The city’s dam has been dry for an entire year and the pipes are in terrible condition. Even tanker trucks that have been sent to supply the town with water have broken down. Now, the town’s crops are dying, livestock is disappearing, and everything is unbearably dry.
The drought means that Adelaide’s 15,000-strong population is running low on water in their homes. Some households have already been without running water for seven months and have resorted to recycling wastewater to meet their needs. Every drop of water is conserved for drinking and eating, with barely enough left over to wash themselves and their gloves. Farmers have had to begin culling their herds and flocks as it has become too difficult and costly to keep them. Other farmers have been forced to choose between abandoning their livestock or facing financial ruin. Schools have also been forced to close because there is no water for cooking school meals or running the schools’ toilets. Students are instead helping their parents lug water home from reservoirs located far away.
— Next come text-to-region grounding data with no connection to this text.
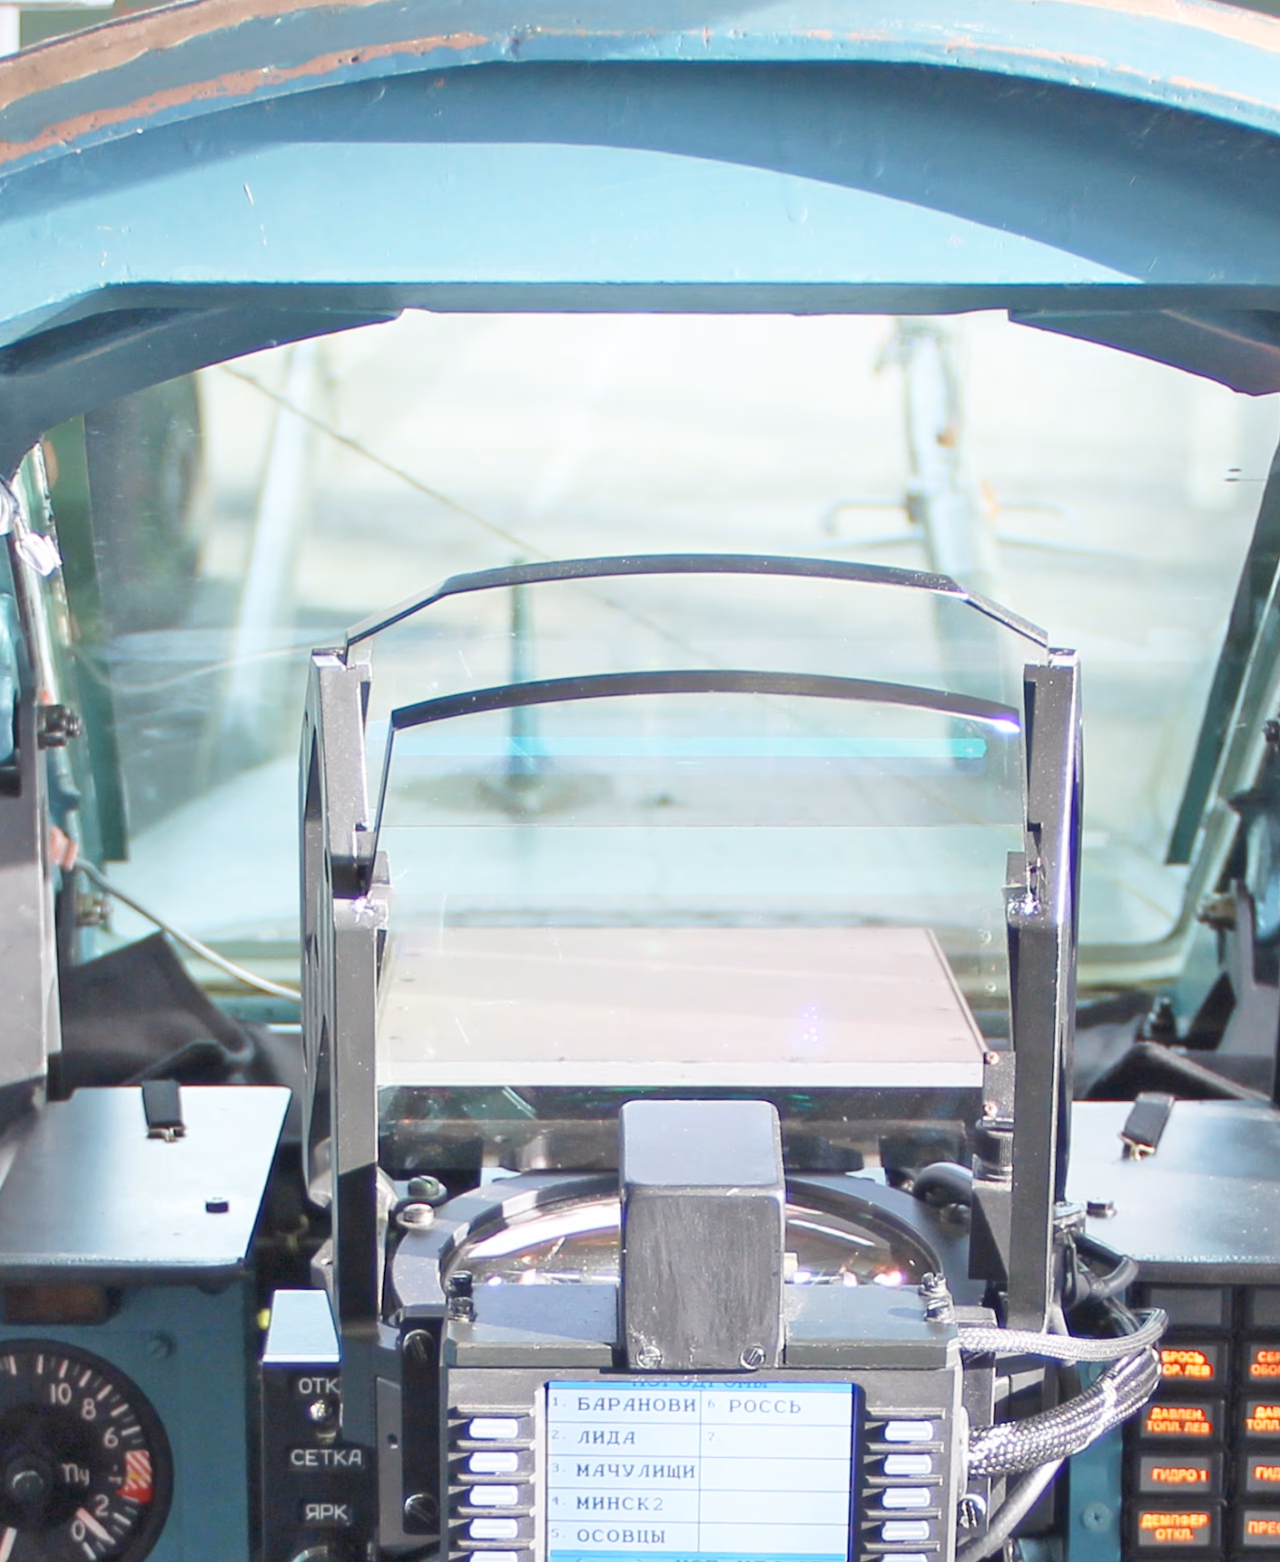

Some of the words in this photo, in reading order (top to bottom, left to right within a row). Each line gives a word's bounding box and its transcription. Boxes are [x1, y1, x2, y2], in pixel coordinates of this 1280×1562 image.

[1184, 1364, 1214, 1378] ЛЕВ
[298, 1377, 340, 1395] ОТК
[50, 1384, 72, 1404] 10
[80, 1398, 97, 1421] 8
[577, 1397, 697, 1413] БАРАНОВИ
[728, 1399, 802, 1414] РОССЬ
[1151, 1407, 1206, 1421] ДАВЛЕН.
[1146, 1419, 1181, 1433] ТОПЛ.
[1184, 1421, 1213, 1435] ЛЕВ
[103, 1427, 119, 1449] 6
[577, 1430, 636, 1445] ЛИДА
[291, 1448, 362, 1468] СЕТКА
[576, 1464, 696, 1480] МАЧУЛИЩИ
[1151, 1467, 1198, 1482] ГИДРО
[576, 1496, 664, 1511] МИНСК2
[305, 1503, 348, 1522] ЯРК
[1141, 1513, 1209, 1528] ДЕМПФЕР
[577, 1529, 666, 1544] ОСОВЦЫ
[1155, 1527, 1194, 1541] ОТКЛ.
The crisis Adelaide is facing has been badly handled by the government, according to the victims of the drought. Indeed, the authorities acted too late and are said to have intervened only when the dam was struggling at just 4% capacity. Government officials have even admitted now that poor water management on their behalf and corruption within the government are at the root of the problem. What’s more, the shortage is a direct result of the world’s current climate emergency. In this particular region of South Africa, the temperatures are twice as high as the rest of the world. If things do not change soon, it’s likely that these figures will climb even higher.